Use ``--discard-untrimmed`` to throw away all read pairs in
which R1 doesn’t start with ``FWDPRIMER`` or in which R2
does not start with ``REVPRIMER``.

A note on how the filtering works: In linked adapters, by default
the first part (before the ``...``) is anchored. Anchored
sequences *must* occur. If they don’t, then the other sequence
(after the ``...``) is not even searched for and the entire
read is internally marked as “untrimmed”. This is done for both
R1 and R2 and as soon as *any* of them is marked as “untrimmed”,
the entire pair is considered to be “untrimmed”. If
``--discard-untrimmed`` is used, this means that the entire
pair is discarded if R1 or R2 are untrimmed. (Option
``--pair-filter=both`` can be used to change this to require
that *both* were marked as untrimmed.)

In summary, this is how to trim your data and discard all
read pairs that do not contain the primer sequences that
you know must be there::

    cutadapt -a FWDPRIMER...RCREVPRIMER -A REVPRIMER...RCFWDPRIMER --discard-untrimmed -o out.1.fastq.gz -p out.2.fastq.gz in.1.fastq.gz in.2.fastq.gz


Piping paired-end data
----------------------

Sometimes it is necessary to run Cutadapt twice on your data. For example, when
you want to change the order in which read modification or filtering options are
applied. To simplify this, you can use Unix pipes (``|``), but this is more
difficult with paired-end data since then input and output consists of two files
each.

The solution is to interleave the paired-end data, send it over the pipe
and then de-interleave it in the other process. Here is how this looks in
principle::

    cutadapt [options] --interleaved in.1.fastq.gz in.2.fastq.gz | \
      cutadapt [options] --interleaved -o out.1.fastq.gz -p out.2.fastq.gz -

Note the ``-`` character in the second invocation to Cutadapt.


Support for concatenated compressed files
-----------------------------------------

Cutadapt supports concatenated gzip and bzip2 input files.


Paired-end read name check
--------------------------

When reading paired-end files, Cutadapt checks whether the read names match.
Only the part of the read name before the first space is considered. If the
read name ends with ``1`` or ``2``, then that is also ignored. For example,
two FASTQ headers that would be considered to denote properly paired reads are::

    @my_read/1 a comment

and::

    @my_read/2 another comment

This is an example for *improperly paired* read names::

    @my_read/1;1

and::

    @my_read/2;1

Since the ``1`` and ``2`` are ignored only if the occur at the end of the read
name, and since the ``;1`` is considered to be part of the read name, these
reads will not be considered to be propely paired.

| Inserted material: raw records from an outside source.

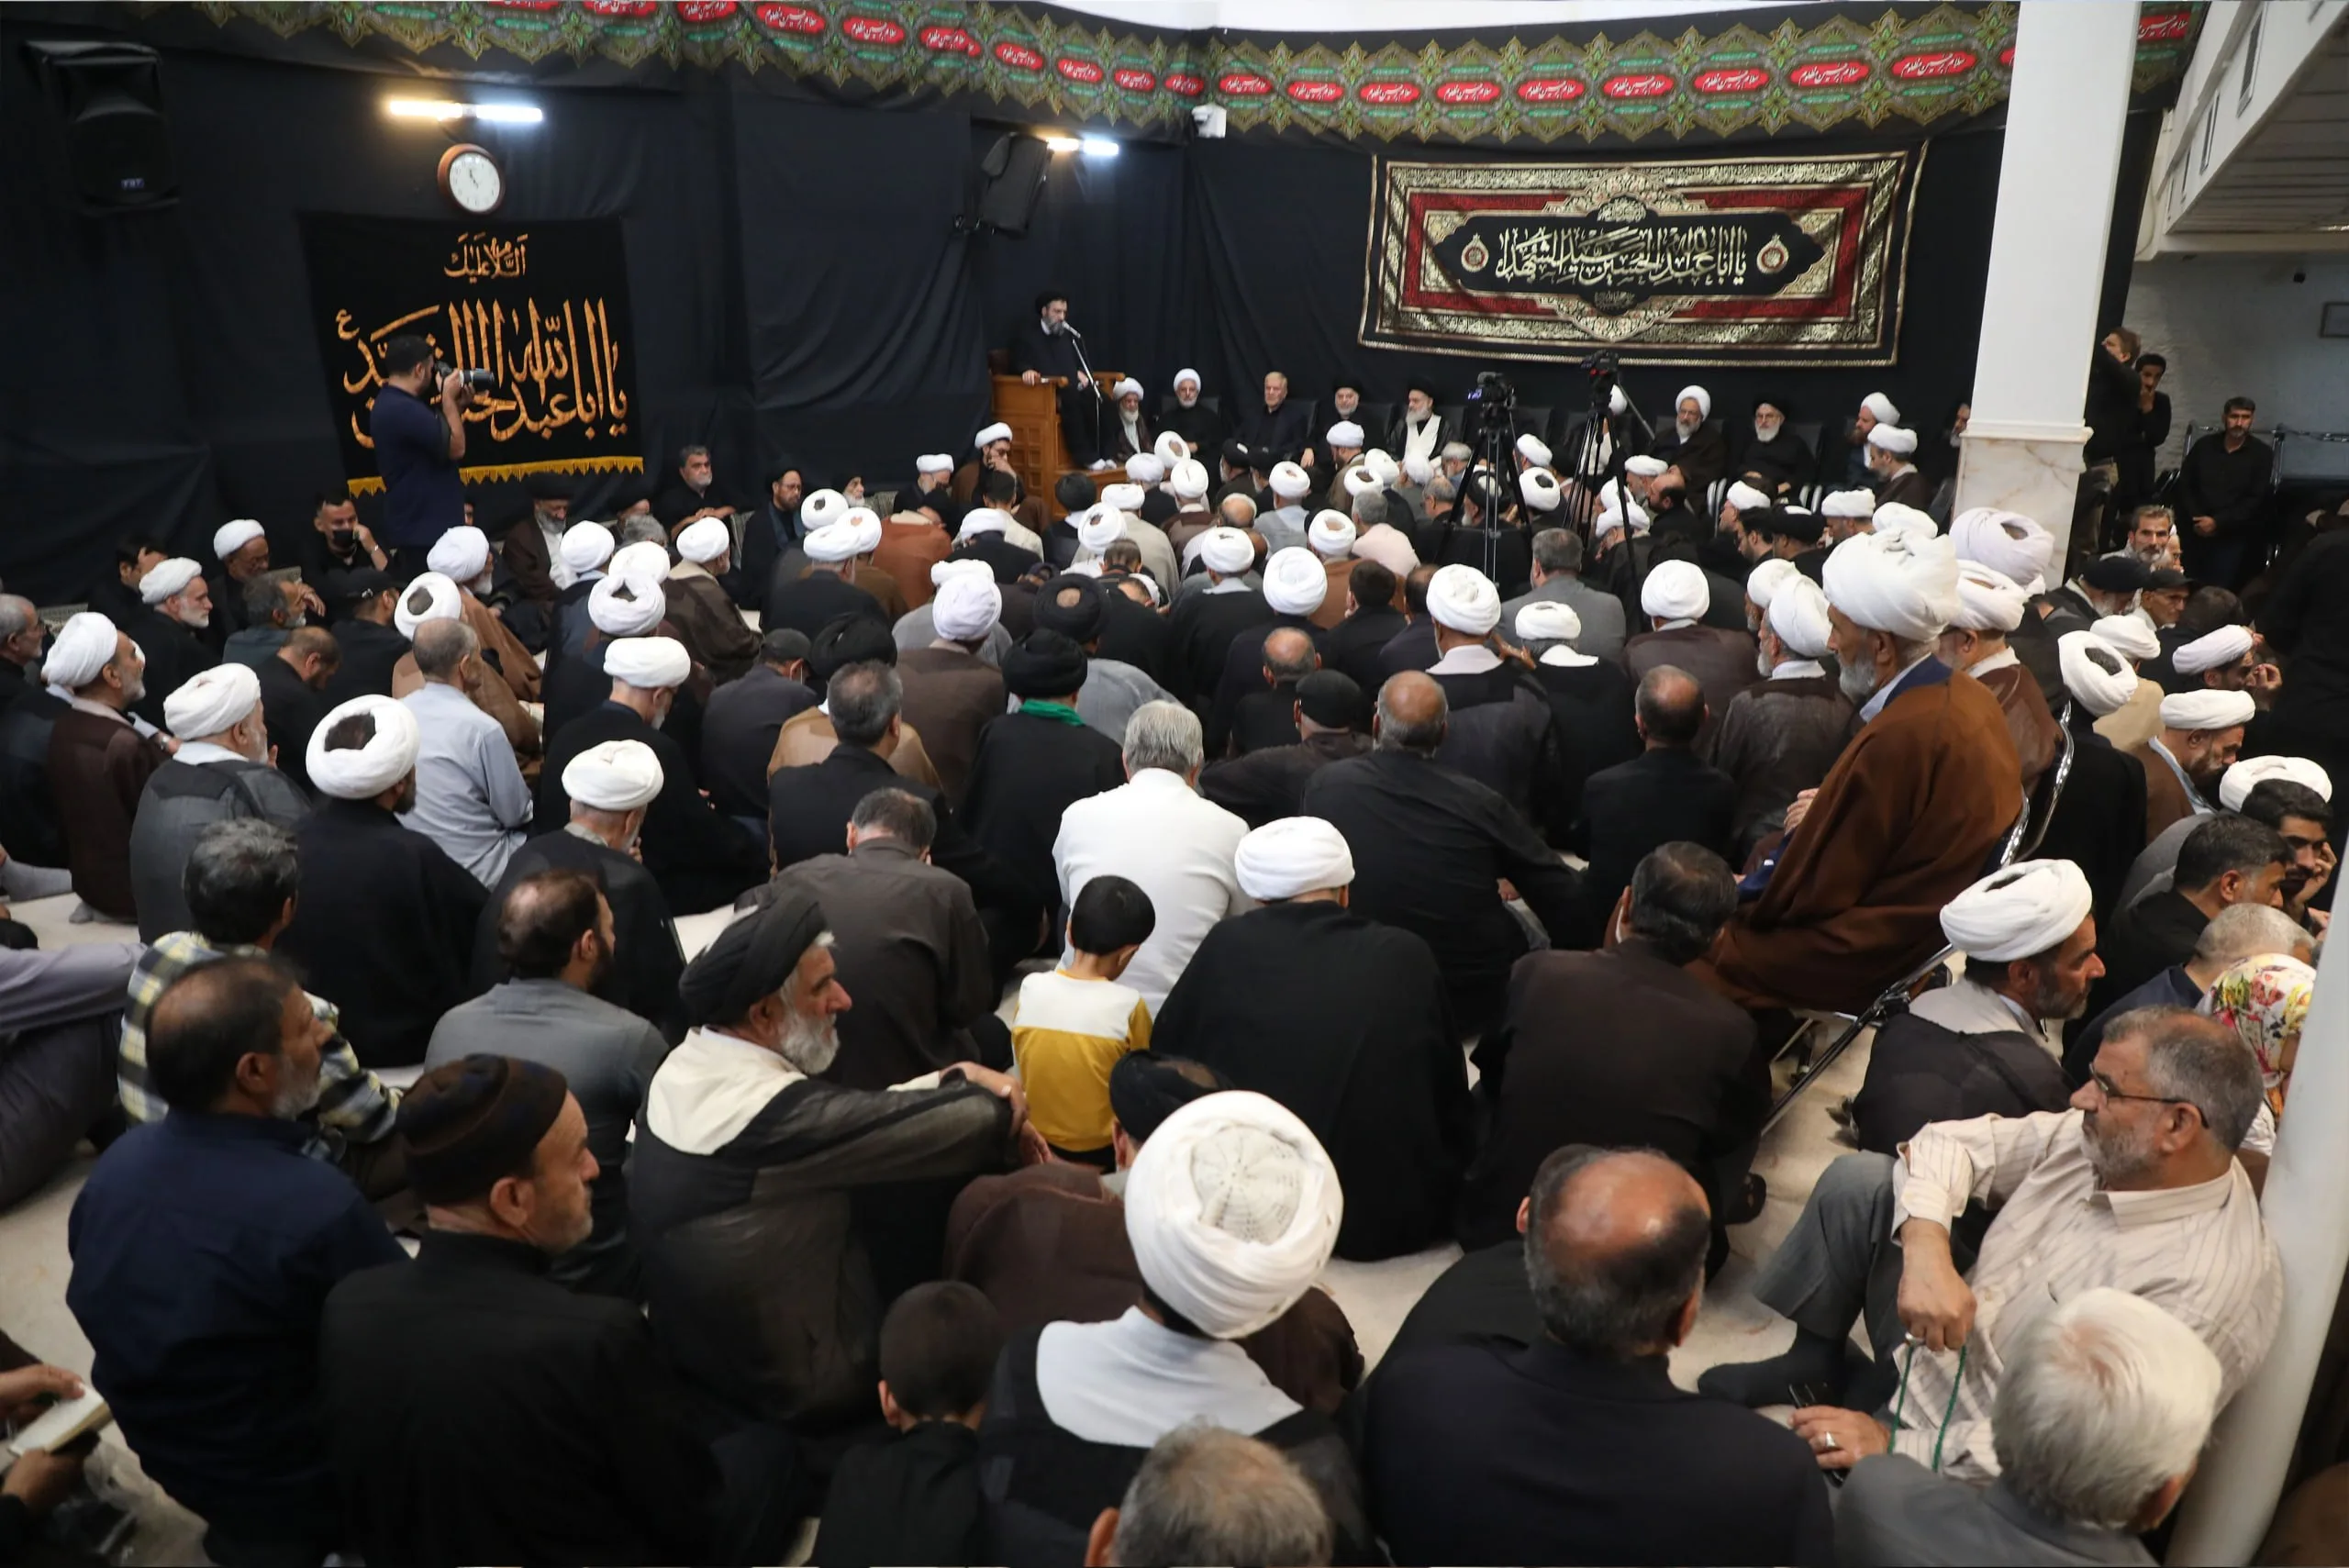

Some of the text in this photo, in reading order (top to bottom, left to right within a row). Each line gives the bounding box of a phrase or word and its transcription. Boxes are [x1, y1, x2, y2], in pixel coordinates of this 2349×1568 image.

[1798, 66, 1819, 87] مظلوم
[1900, 58, 1922, 78] مظلوم
[1525, 83, 1542, 100] مظلوم
[1611, 78, 1630, 96] مظلوم
[1702, 73, 1721, 92] مظلوم
[1443, 84, 1460, 101] مظلوم
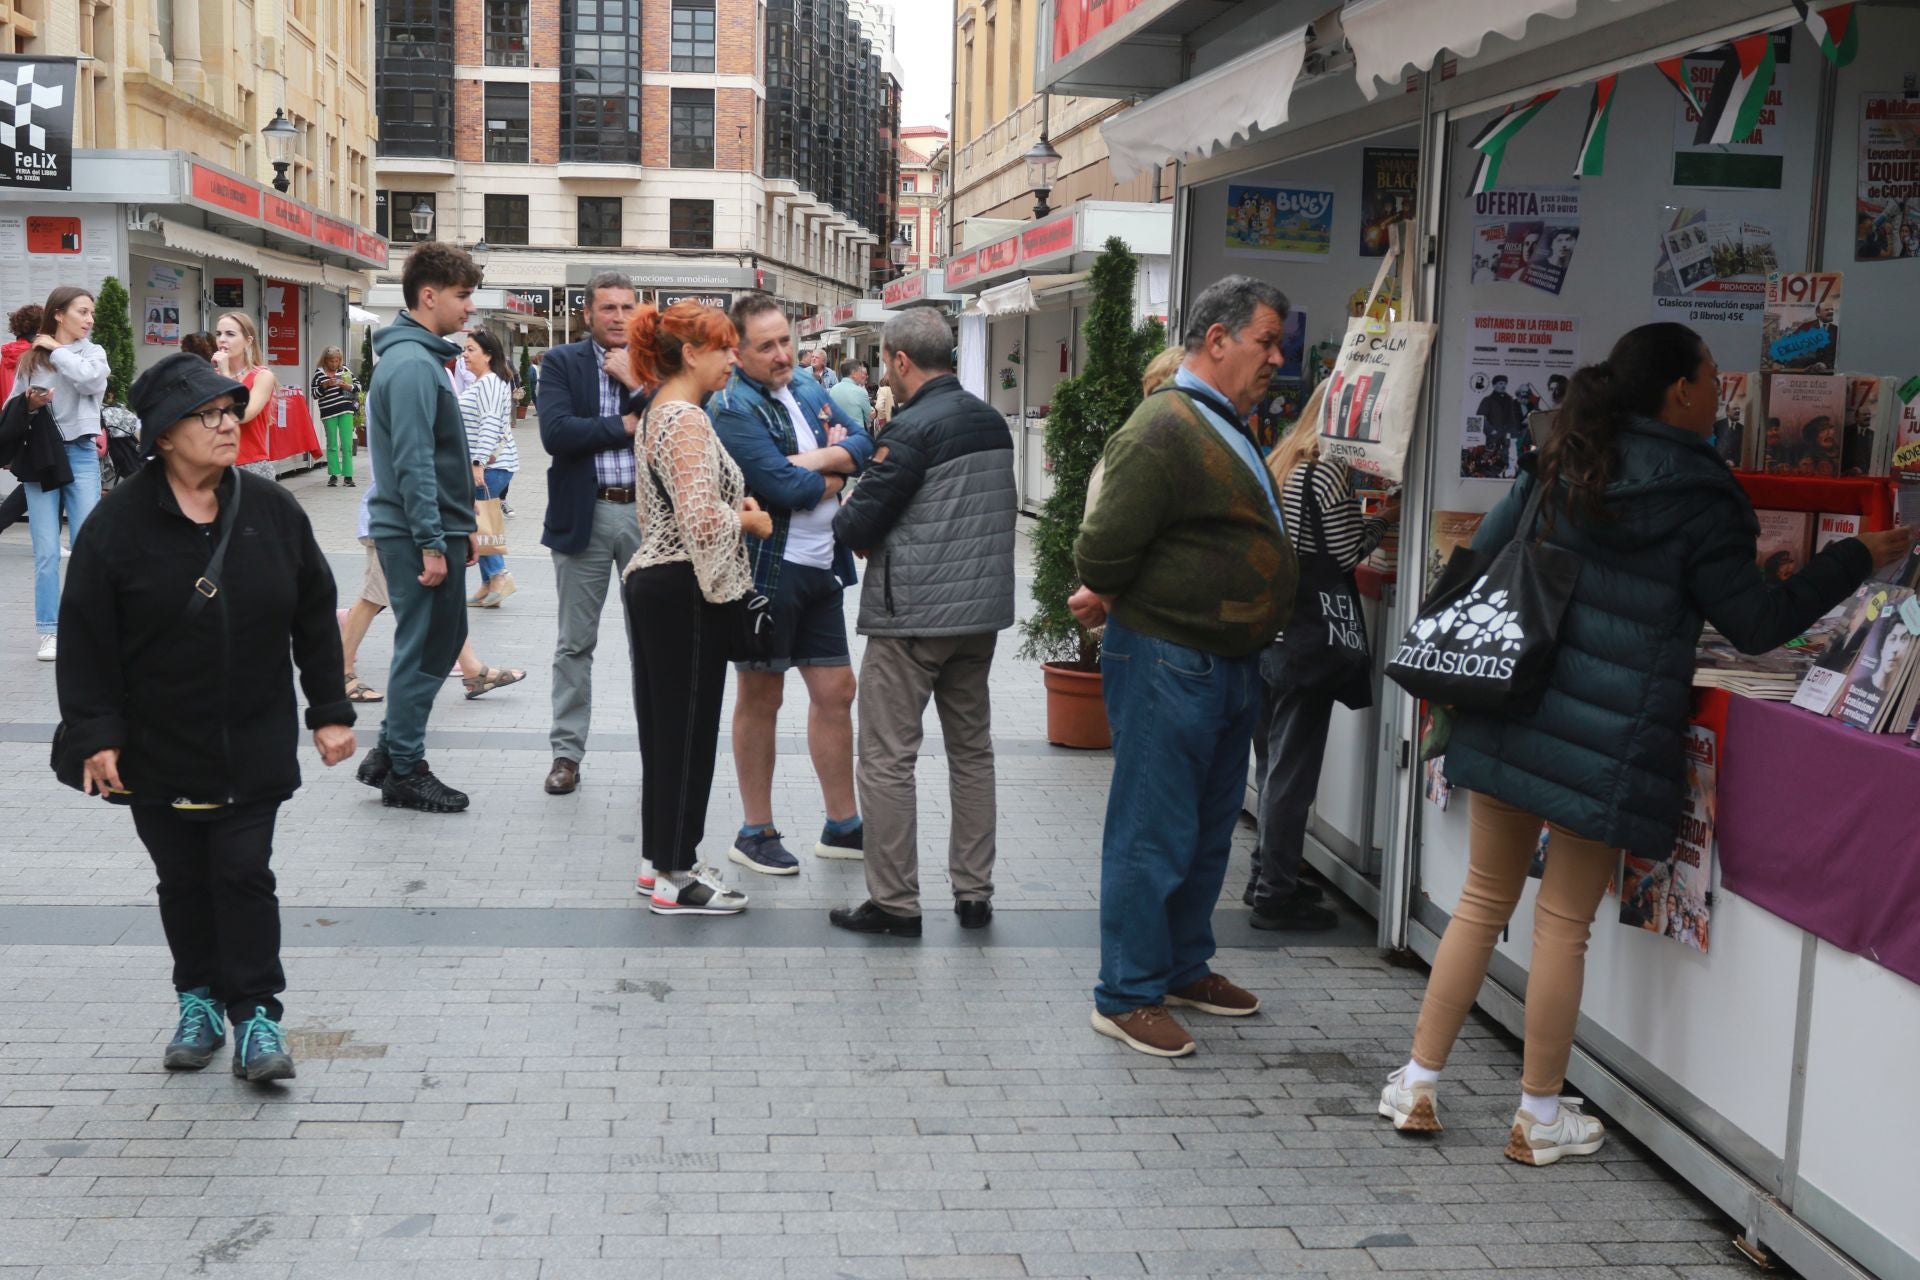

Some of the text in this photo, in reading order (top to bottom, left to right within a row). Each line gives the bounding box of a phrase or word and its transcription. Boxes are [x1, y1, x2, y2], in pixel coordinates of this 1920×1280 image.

Rescuing single reads from paired-end reads that were filtered
--------------------------------------------------------------

When trimming and filtering paired-end reads, Cutadapt always discards entire read pairs. If you
want to keep one of the reads, you need to write the filtered read pairs to an output file and
postprocess it.

For example, assume you are using ``-m 30`` to discard too short reads. Cutadapt discards all
read pairs in which just one of the reads is too short (but see the ``--pair-filter`` option).
To recover those (individual) reads that are long enough, you can first use the
``--too-short-(paired)-output`` options to write the filtered pairs to a file, and then postprocess
those files to keep only the long enough reads.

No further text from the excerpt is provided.